Likewise, it is useful that the chapter opens with The Donation of Constantine, because you can’t really cover the topic without it. It is odd to place it there, though, as Anderson & Bellenger’s sorting is roughly chronological, and so it would only belong there if its purported date were accurate. Also, in an ideal world, the excerpt would include the portion of the text that allotted to the popes the secular dominion over the lands of Rome, because it supports so many later claims that the editors do indeed discuss, and there is as linked above a public-domain version at the Internet Medieval Sourcebook.

But mainly, it would help if the reader was told the document was a forgery! They do at least caption it “c. 750″ but, given its odd position in the chapter that’s only going to alert the sharpest students. Unless you have a whole class of these, you want to use something else, you really do. For lack of a sentence or two about each actual source in this supposed source-book, the final result is interesting but also wildly misleading.

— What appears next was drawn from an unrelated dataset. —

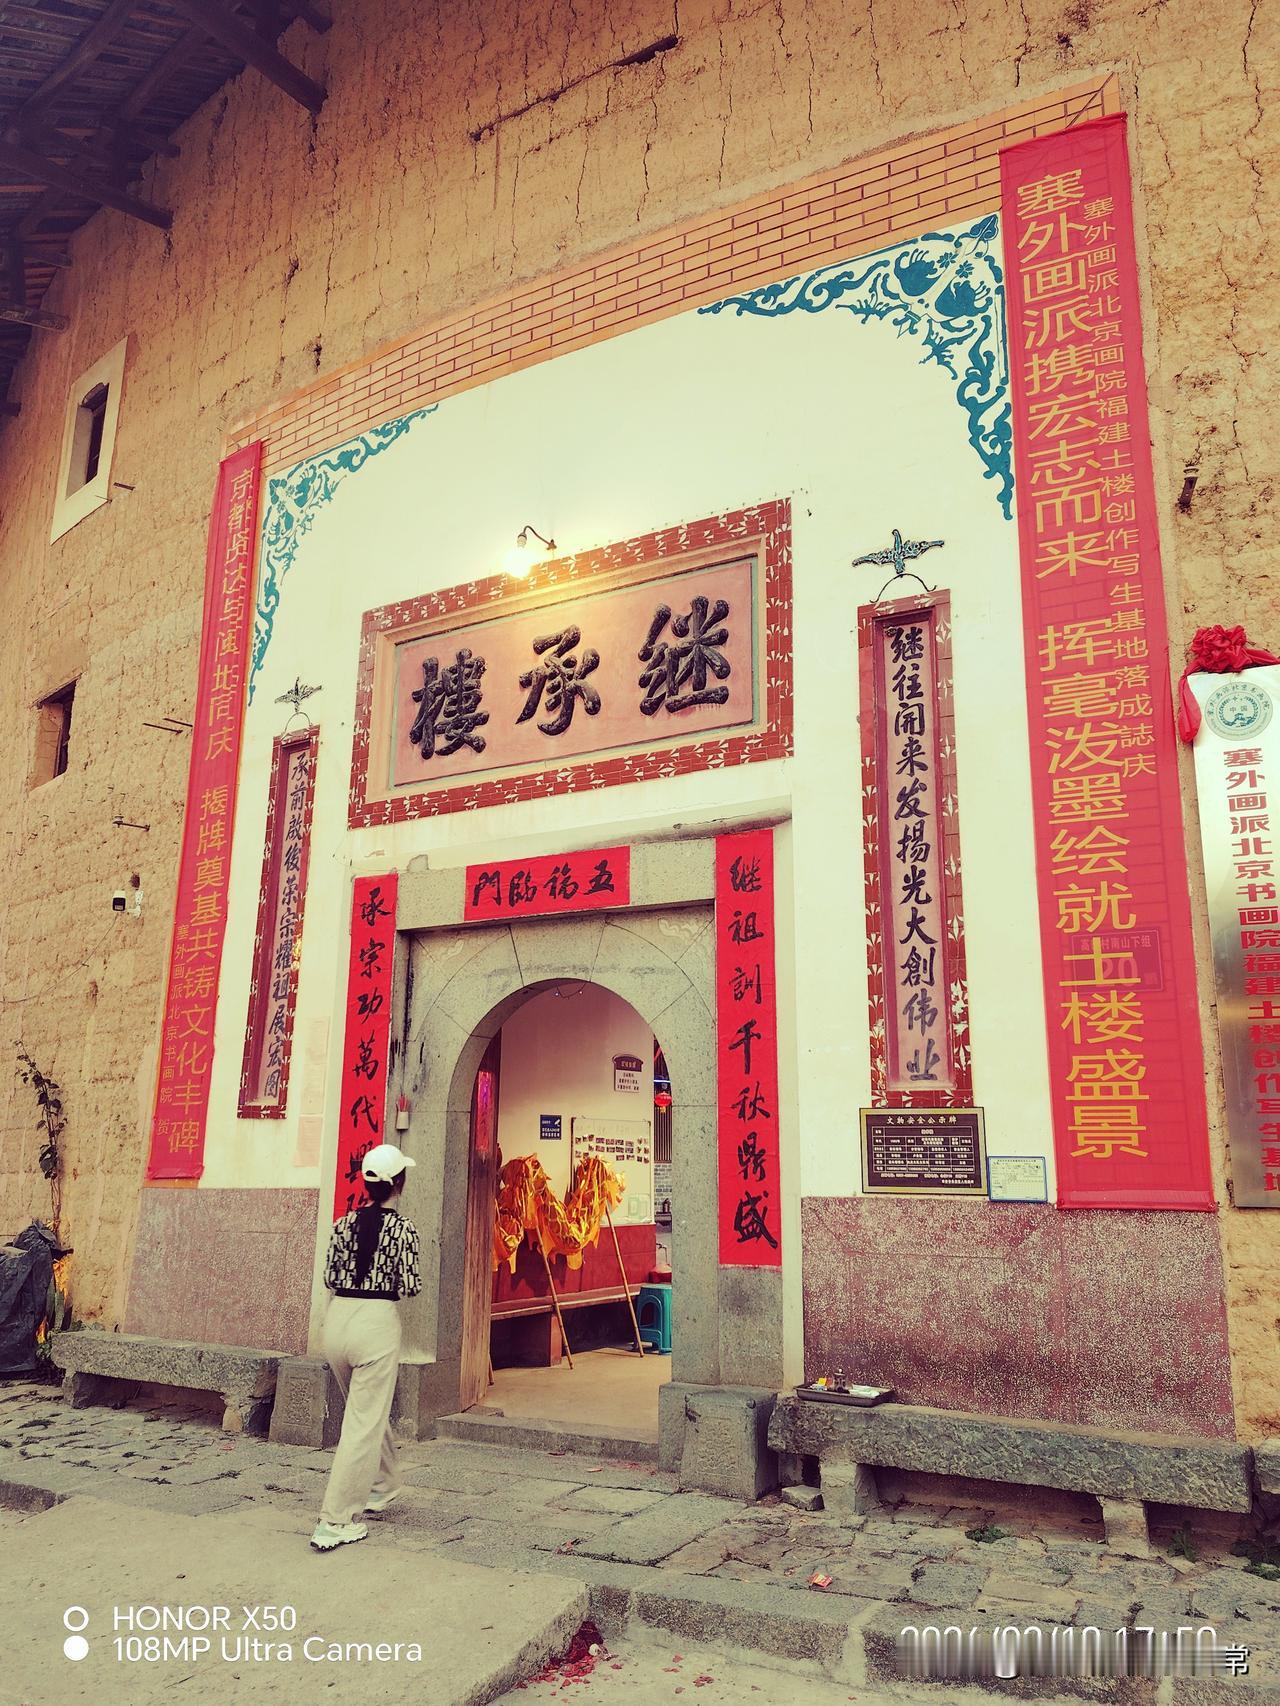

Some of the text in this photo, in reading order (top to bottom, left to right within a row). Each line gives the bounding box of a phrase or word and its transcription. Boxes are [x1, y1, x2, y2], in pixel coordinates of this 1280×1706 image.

But this leads me onto another question. You can’t teach with this book, mainly because it will make more work for you in explaining the sources than not giving them at all. Also, of course, it being so new, you couldn’t really photocopy chunks because lots of it is still in copyright—not that several of the places I’ve seen teaching really worried about that, and it is sometimes hard to see copyright law as anything other than ridiculous these days—but assuming that you do care, you have a problem. The publishers would like you, of course, to get your students to buy a copy each, but you won’t do this because of the problems I’ve outlined (I hope). So what do you do?

Assuming that you find the Internet Medieval Sourcebook a bit thin in places, which I think would be fair enough, the obvious texts of this kind are things like:

  • Oliver J. Thatcher & Edgar H. McNeal (edd./transl.), A Source Book for Medieval History: Selected Documents Illustrating the History of Europe in the Middle Age (New York 1905; repr. 1971)
  • Ernest F. Henderson (ed./transl.), Select Historical Documents of the Middle Ages (London 1892, repr. 1896 and several times since)
  • David F. Herlihy (ed.), Medieval Culture and Society (London 1968)
  • Patrick Geary (ed./transl.), Readings in Medieval History (Peterborough 1989, 2nd edn. 1997)
  • Alfred. J. Andrea (ed.), The Medieval Record: sources of medieval history (Chicago 1997)

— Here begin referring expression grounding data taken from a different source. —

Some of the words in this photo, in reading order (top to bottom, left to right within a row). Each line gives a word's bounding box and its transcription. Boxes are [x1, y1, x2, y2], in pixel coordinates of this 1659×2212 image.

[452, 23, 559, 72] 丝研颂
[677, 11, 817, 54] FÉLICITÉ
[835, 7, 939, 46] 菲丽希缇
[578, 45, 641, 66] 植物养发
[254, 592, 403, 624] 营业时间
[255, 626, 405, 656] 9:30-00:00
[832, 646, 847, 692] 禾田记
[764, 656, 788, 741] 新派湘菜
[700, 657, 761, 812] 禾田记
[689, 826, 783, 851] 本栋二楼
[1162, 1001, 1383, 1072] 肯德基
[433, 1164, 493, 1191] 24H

These all have their problems. The first two are now pretty definitively public-domain, and have thus been plundered by several of the others and the IMSB, and the translations are usually OK but rather stuffy and of course written with Victorian mores shot through them. And because they’re so old, you can’t possibly equip a class with them so it means a lot of photocopying. Herlihy isn’t yet public-domain in at least the USA, and in any case it comes with its own particular spin, not one I disagree with per se but it’s there. It’s recently been reprinted so could probably be bought in bulk, but you might still not want to, and some of its translations go back to the older two anyway. (It’s all very medieval…)

I’ve seen Geary and it’s good but its publishers, as the IMSB found to their discomfort, are jealous of copyright. I haven’t used Andrea but I only know of it because Anderson & Bellenger do; they also use Henderson and Thatcher & McNeal. I suppose these are your options. But as yet, I’ve never seen a course teacher dare to rely on his or her students all buying the source-book anyway, so it comes down to photocopying in the end. And how would we teach if the copyrights were all enforced, then?

I also wanted to mention, because I’ve used them and found them good, but too specialised for this general edit:

  • Paul E. Dutton (ed./transl.), Carolingian Civilization: a reader (Peterborough ON 1997)
  • Brian E. Tierney (ed./transl.), The Crisis of Church and State, 1050-1300: with selected documents (Englewood Cliffs 1964, repr. Cambridge MA 1989)
  • Edward Peters (ed.), The First Crusade: the Chronicle of Fulcher of Chartres and other source materials, Middle Ages Series (Pennsylvania 1971, repr. 1998), especially the reprint which adds some useful extra Byzantine material

These people are or were trying to help, and it’s a pity that the law makes it so difficult for us to take advantage of it.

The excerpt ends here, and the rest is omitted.